SYDNEY, Australia: Australian software company WiseTech Global will cut about 2,000 jobs, nearly a third of its global workforce, as part of a two-year restructuring driven by artificial intelligence, in what could be one of the country's largest AI-related job reductions.
The Sydney-based firm, which develops shipping and logistics management software, said the overhaul will affect around 29 percent of its roughly 7,000 employees across 40 countries. Some teams could be reduced by as much as half, beginning with product and development, as well as customer service roles.
WiseTech also signaled that its U.S. cloud computing arm, E2open, acquired in August for US$2.1 billion, could see cuts of up to 50 percent.
"Software development has experienced its most significant shift in decades," Chief Executive Officer Zubin Appoo said.
"The era of manually writing code as the core act of engineering is over."
The company plans to integrate AI into both its customer-facing software and its internal operations, as automation tools increasingly take on routine administrative tasks and complex coding work. The move underscores the speed at which AI is reshaping workplaces globally.
Last month, Amazon announced 16,000 job cuts worldwide in its second round of redundancies in three months, adding to broader layoffs by U.S. companies across sectors this year.
Despite announcing the workforce reductions, WiseTech's shares rose 11.1 percent to A$47.74 on February 25 after the company reported a stronger-than-expected first-half profit. Australia's benchmark S&P ASX 200 index gained 1.2 percent on the day.
WiseTech posted first-half underlying net profit of $114.5 million, beating market consensus by 6 percent. The company declared an interim dividend of 6.8 cents and reaffirmed its full-year guidance.

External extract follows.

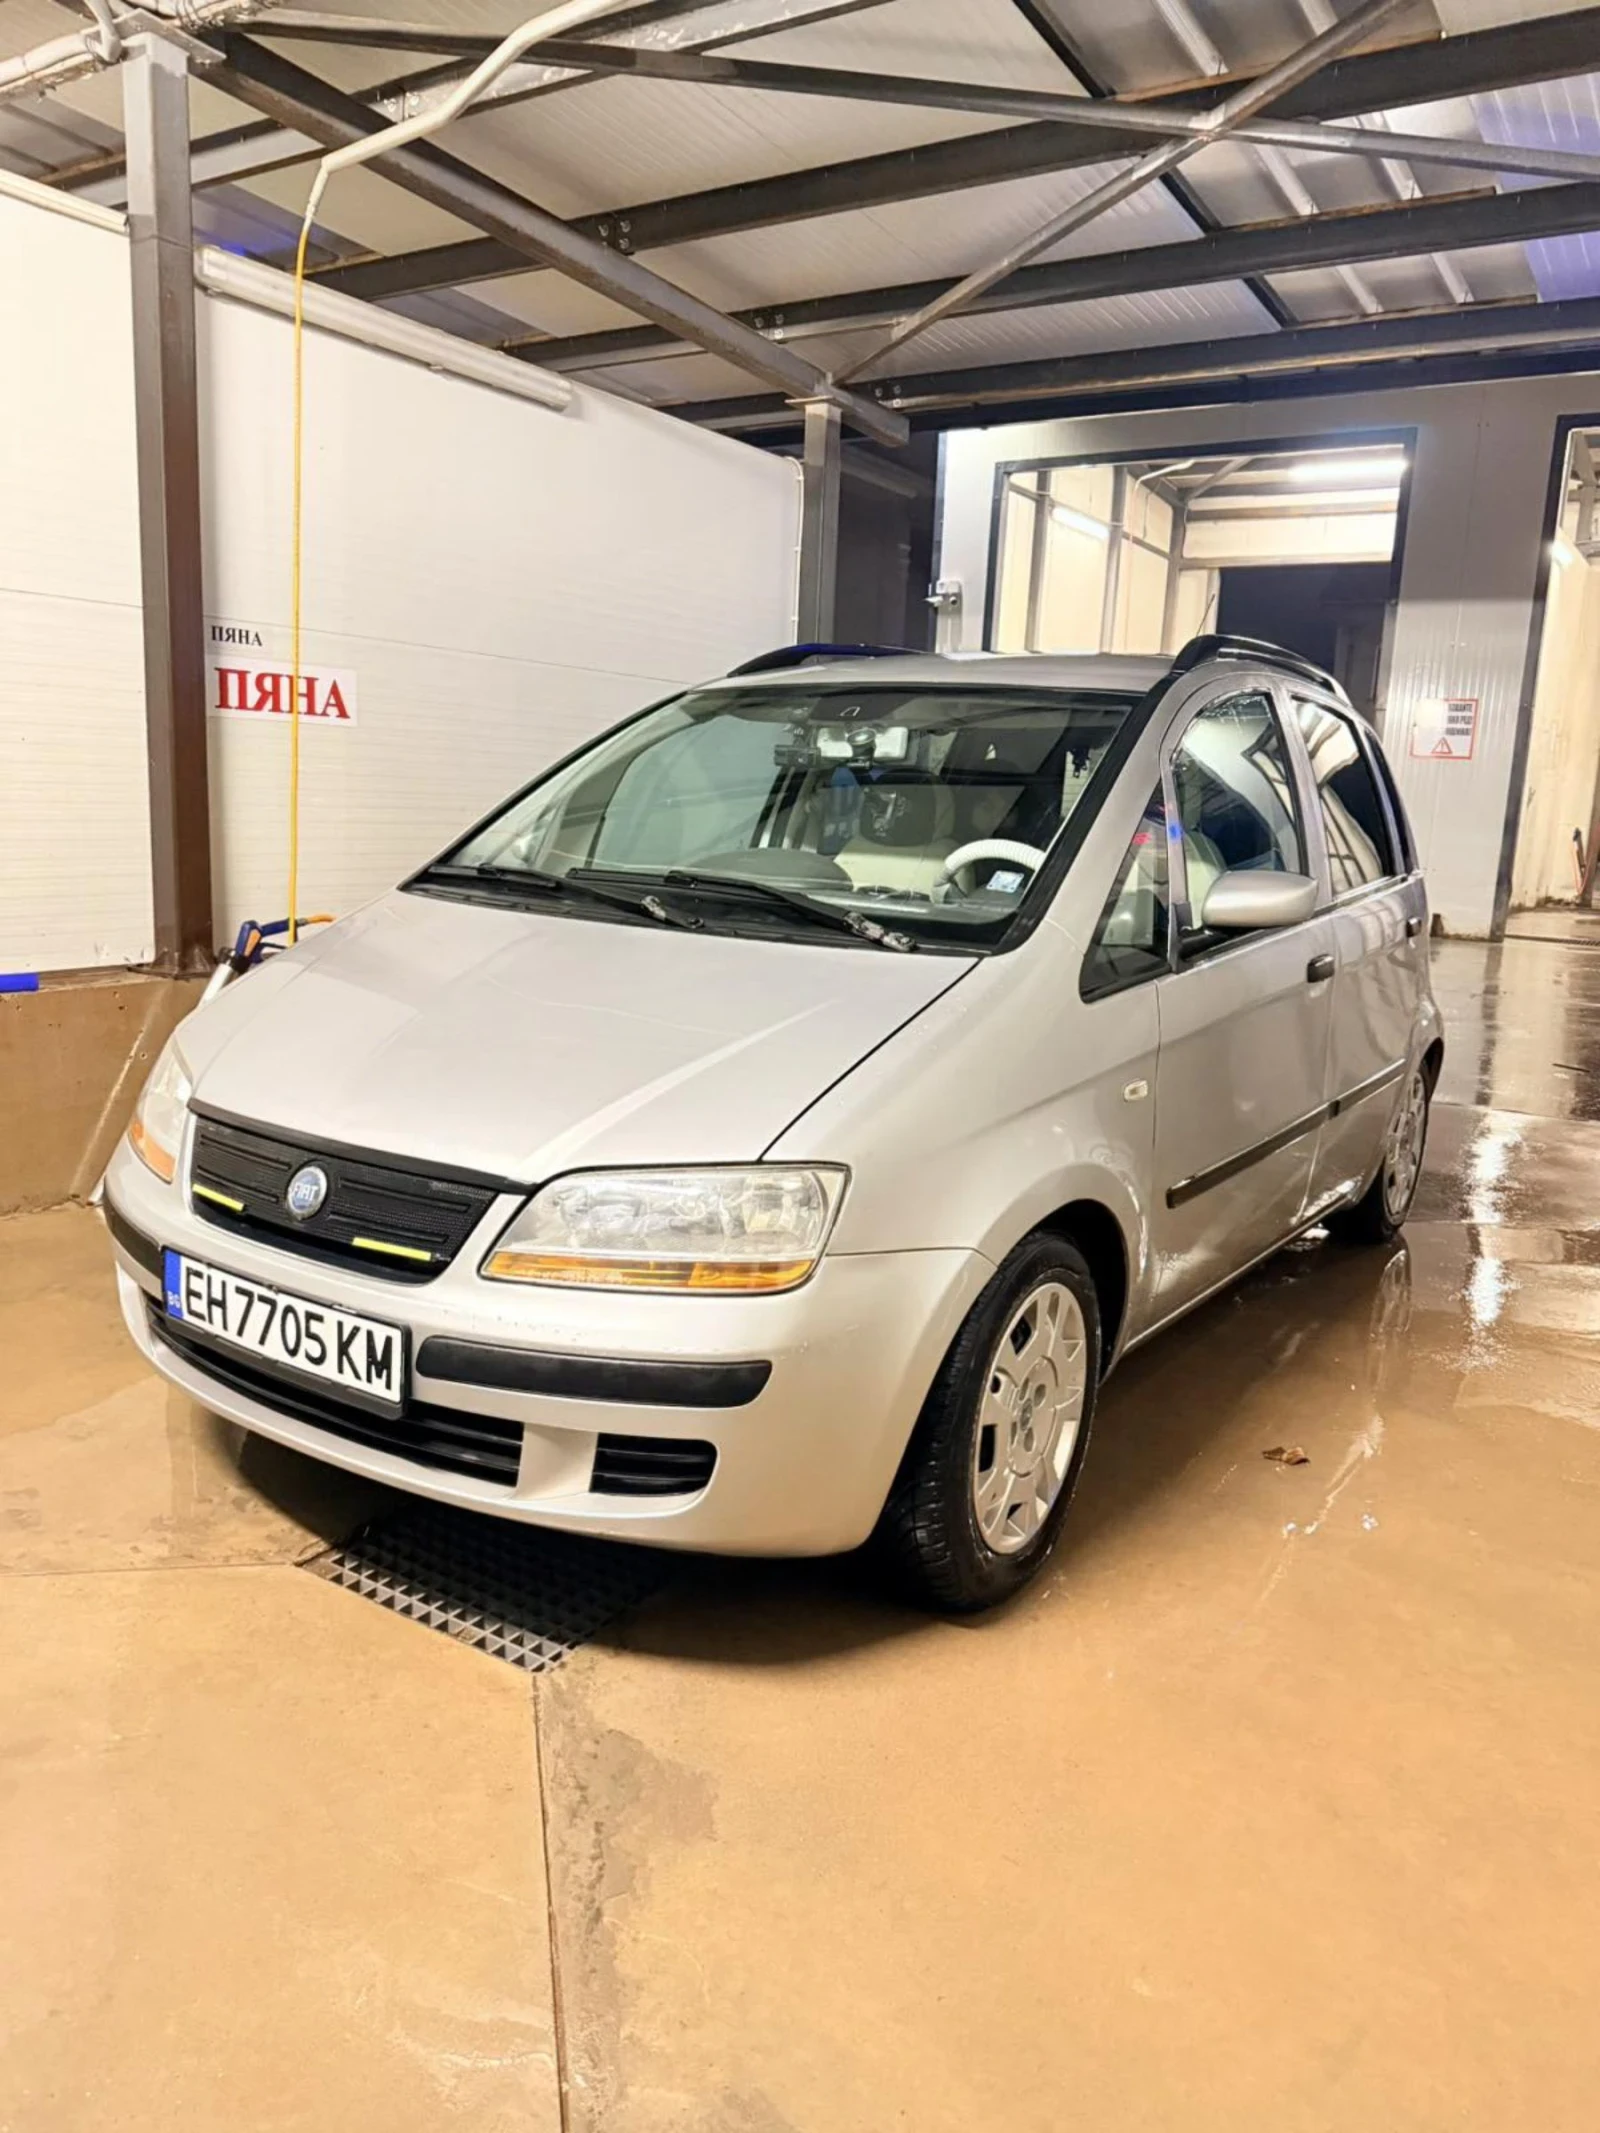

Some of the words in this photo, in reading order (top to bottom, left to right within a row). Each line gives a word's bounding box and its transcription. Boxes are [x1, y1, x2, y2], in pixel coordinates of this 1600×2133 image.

[211, 625, 263, 647] ПЯНА
[213, 667, 351, 719] ПЯНА
[290, 1182, 320, 1201] FIAT

Founded more than three decades ago, WiseTech has faced pressure over the past year. Its shares remain about 68 percent below their November 2024 peak, following allegations involving founder and former CEO Richard White, including claims of payments to an alleged former lover. The controversy triggered investor concerns over corporate governance.
At the same time, uncertainty around how AI would impact the software maker weighed on the stock.
"With recent share price weakness being more governance-driven than fundamental, and with the fiscal 2026 guidance reaffirmed, the underlying trajectory remains sustainable despite near-term disruption," said Marc Jocum, senior product and investment strategist at Global X ETFs.
The planned cuts position WiseTech among a growing list of technology companies restructuring around AI to boost efficiency and remain competitive in a rapidly evolving industry.